Problem requirements:
In the answer, each entry below appears exactly as given, and no picture appears at all.

Supplied information:
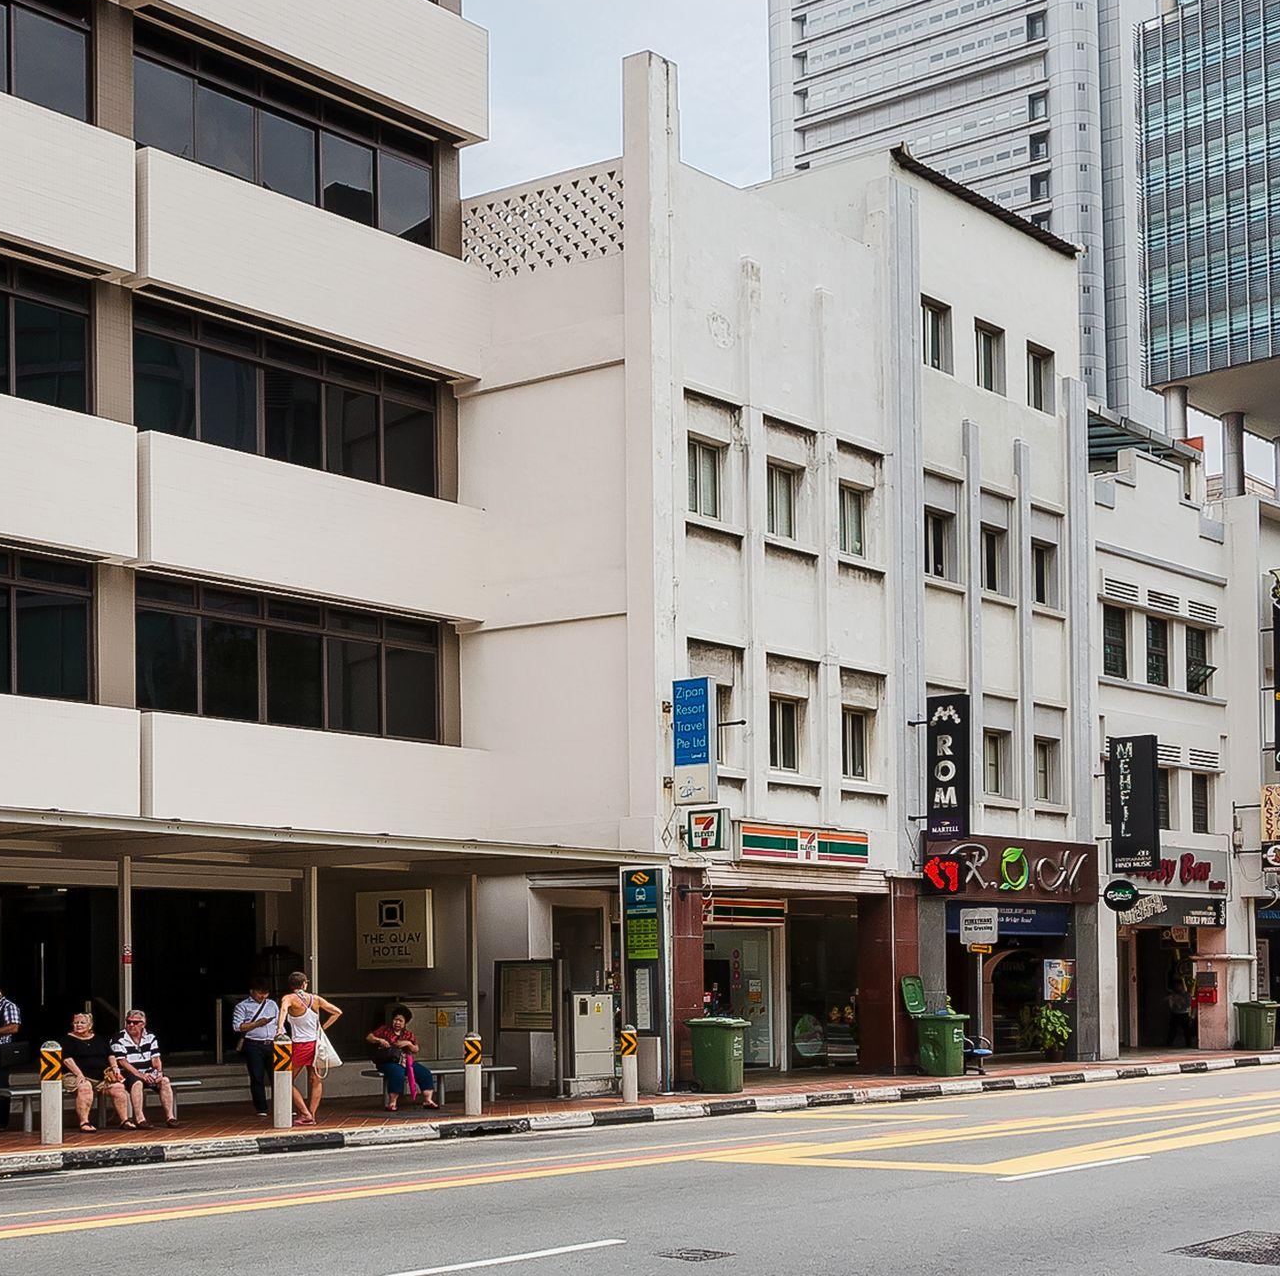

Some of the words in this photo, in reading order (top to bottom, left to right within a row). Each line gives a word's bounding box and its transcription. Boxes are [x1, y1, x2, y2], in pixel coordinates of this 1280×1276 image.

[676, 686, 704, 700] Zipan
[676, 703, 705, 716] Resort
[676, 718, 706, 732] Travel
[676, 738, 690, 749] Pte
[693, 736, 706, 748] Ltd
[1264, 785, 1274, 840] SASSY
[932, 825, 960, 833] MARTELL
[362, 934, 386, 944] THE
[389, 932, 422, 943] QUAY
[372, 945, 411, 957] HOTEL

Expected answer:
Some of the words in this photo, in reading order (top to bottom, left to right within a row). Each line gives a word's bounding box and its transcription. Boxes are [x1, y1, x2, y2], in pixel coordinates of this 1280×1276 image.

[676, 686, 704, 700] Zipan
[676, 703, 705, 716] Resort
[676, 718, 706, 732] Travel
[676, 738, 690, 749] Pte
[693, 736, 706, 748] Ltd
[1264, 785, 1274, 840] SASSY
[932, 825, 960, 833] MARTELL
[362, 934, 386, 944] THE
[389, 932, 422, 943] QUAY
[372, 945, 411, 957] HOTEL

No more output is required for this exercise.